Suddenly the sky lit up green and something flashed overhead. A high-pitched whine followed the sickening green streak and then a sonic boom nearly rocked him off his feet. He didn’t know what it was. He couldn’t know. But he didn’t think it could be of this world and it was headed in the direction that he knew his daughter had gone in. He didn’t even stop to think. His body took off before his brain could register anything more than that, racing him towards Cooper’s Field and Rose.
The light shone down ahead of him, a green beam like a search light brighter than he could stand to look at for long. It turned off and on twice more, sudden and startling each time. He increased his pace, his legs burning and his lungs begging for air. He was gasping as he made it to the edge of the field. There was no sign of Rose and no sign of whatever had come from the sky, but he could smell the burning stink of ozone and hear the sound of engines pushed far past their capabilities.
He leaned against a tree, panting as he tried to get his breath back. Clearly the week here with little exercise and too much of Mrs. Jenkins’ good food was making him pay a price. He kept his eyes on the field and then saw the grass bending over. The light shone again, beautiful and less violently bright. He was about to walk towards it when a boy emerged from a different part of the woods, approaching it as if hypnotized.
The light disappeared and the boy seemed to snap out of his daze and approach it with more caution. “Hello?” the boy called out. “I said hello.” He glanced up at the sky and then back at the ground. “Is that some kind of aeroplane?” He continued onward, undeterred by the lack of response. “Are you chaps all right?” he asked and was immediately hit by an enormous green bubble that swayed in a way that almost made Pete motion sick, before encompassing the boy completely.
Then it shut off and the only sign that something was there was a shadow on the grass and the indentation of something large. The boy edged forward mere inches, his hands before him. They contacted something and again the bubble erupted. Pete could see the outline of a space ship and his heart, which had started to return to normal after his frantic run, began pounding again.

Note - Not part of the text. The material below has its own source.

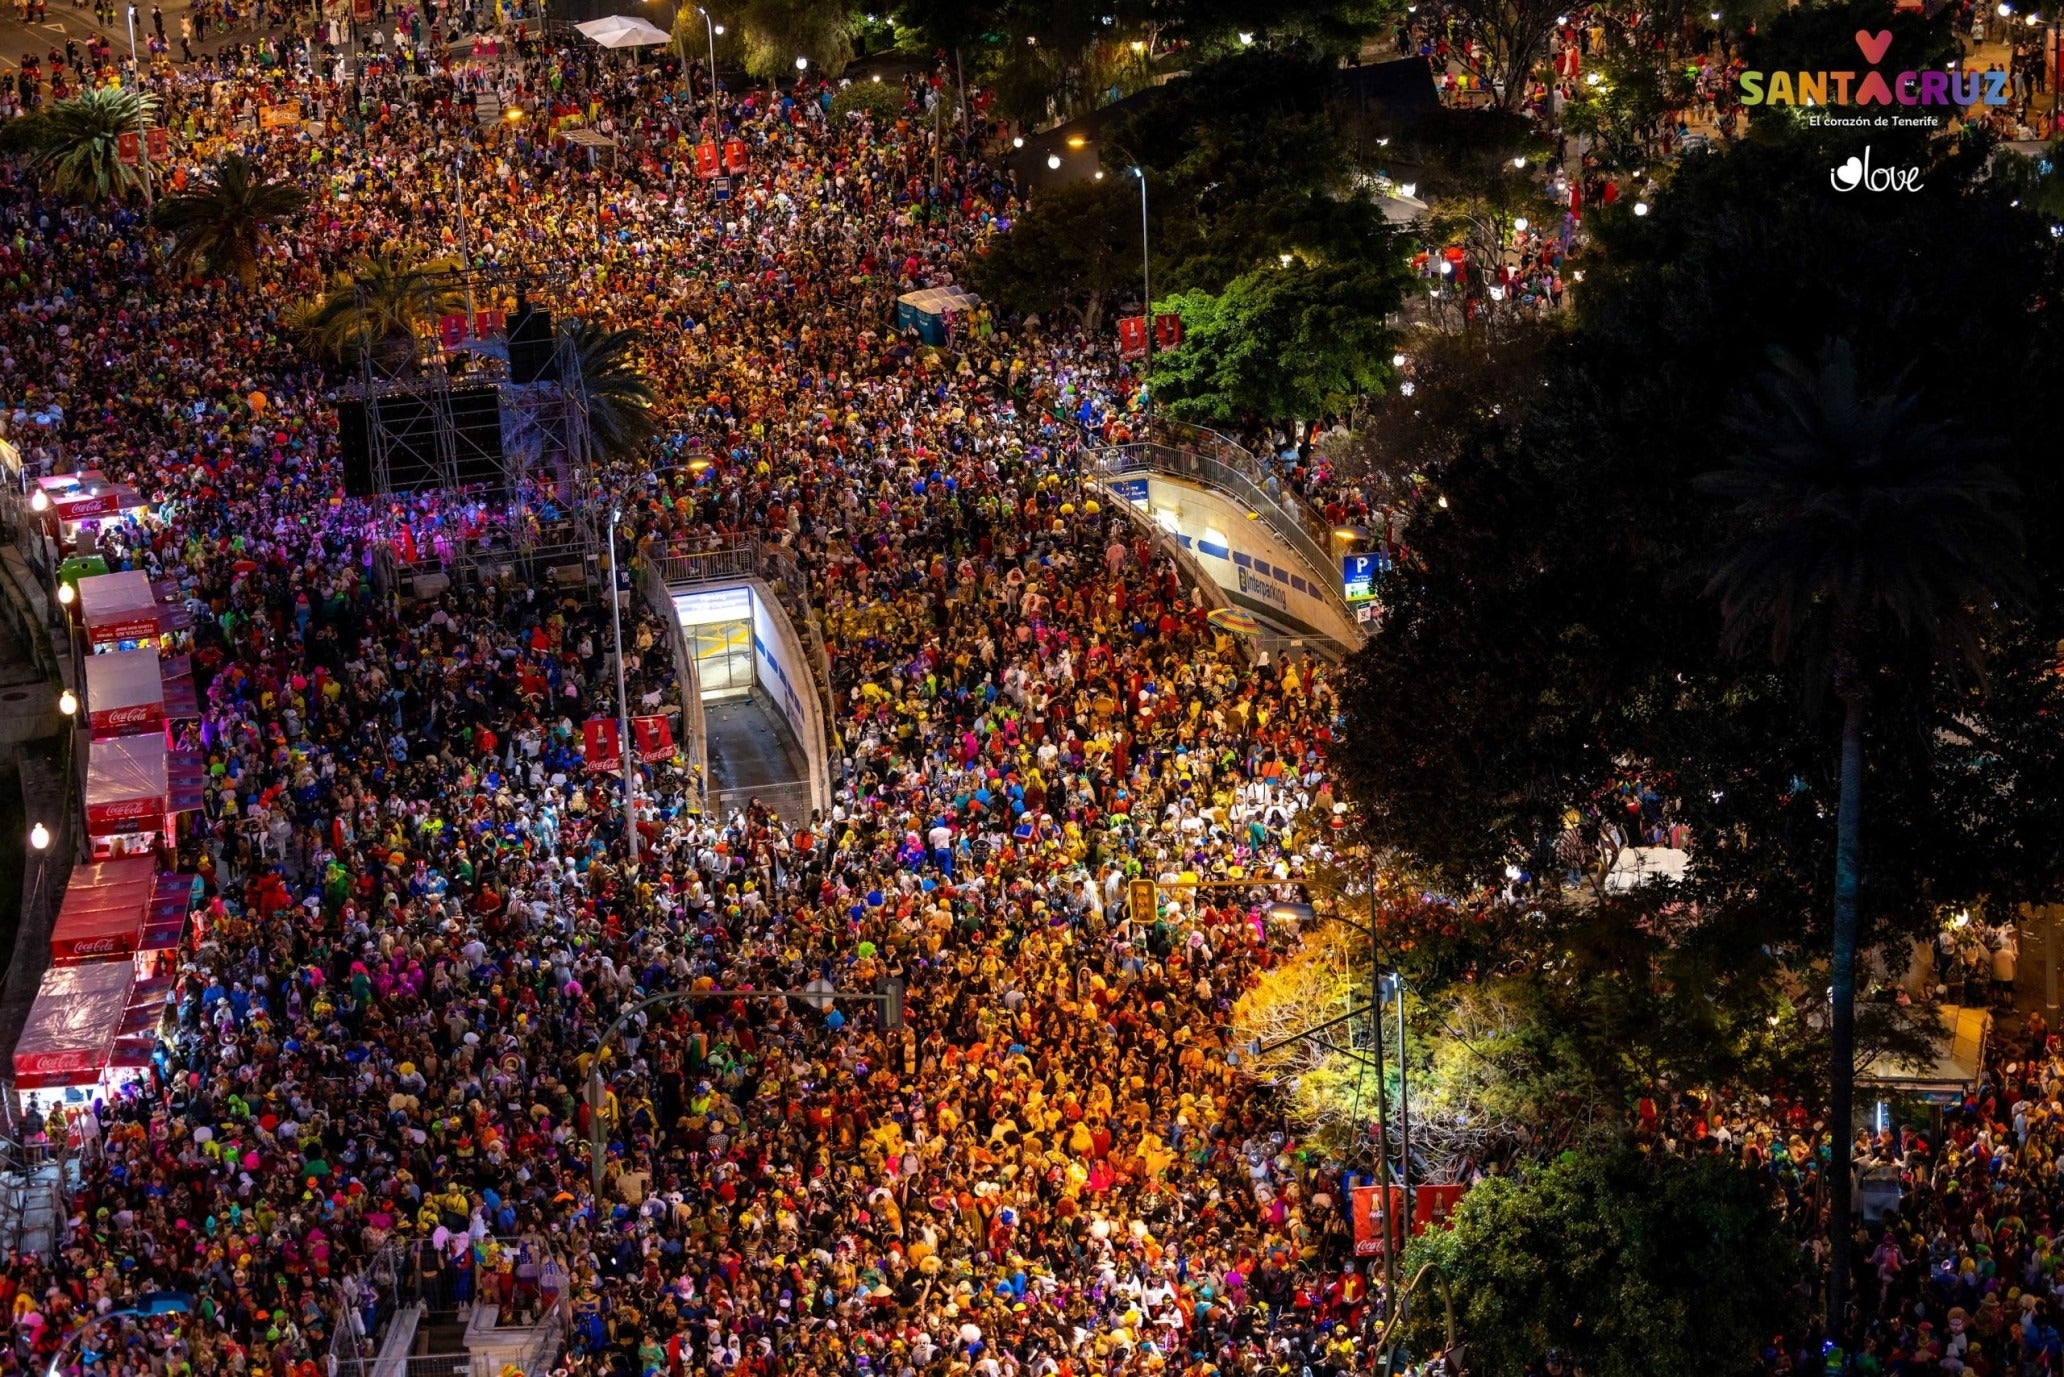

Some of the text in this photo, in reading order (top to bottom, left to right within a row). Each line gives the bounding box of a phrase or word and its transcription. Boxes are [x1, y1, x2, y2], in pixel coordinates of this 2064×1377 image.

“But, what,” the boy said withdrawing his hands and looking from side to side in confusion. An owl called in the darkness, distracting the teen for a few brief seconds before his attention again returned to the thing before him.
The boy banged his hand forward and pulled it back, shaking it in pain from the contact that had once again lit an outline of the ship. “But…but, that’s—that’s impossible.” He edged sideways a few steps then reached forward again with both hands, clearly trying to understand a situation that a mind from 1913 could not hope to understand.
Pete heard the loud clang of metal and the boy’s hand pushed forward into empty space. “Some kind of door,” the boy said. “Hello?” The kid’s voice echoed metallically and for a moment Pete’s mind flashed back to the Cybermen before he ruthlessly pushed that thought back down. “Is—is anyone there?” He pushed his way forward, his whole body enveloped in green and then suddenly disappeared from sight.
As he did, Rose and Martha came running into view. Pete stepped out of the woods. “Dad!” Rose called out.
“Come away from there,” Pete called gesturing urgently for the women to join him.
“Did you see it, Dad?” Rose asked.
“Yes, and we need to go right now. It’s—.” He broke off and glanced at Martha. “Something fell from the sky,” he said, hedging.
“I rather think it was a space ship, sir,” Martha said. “And you’re right. We need to go, because it’s not safe here.”
Pete’s mouth fell open, but he allowed Rose and Martha to hustle him back into the shelter of the woods.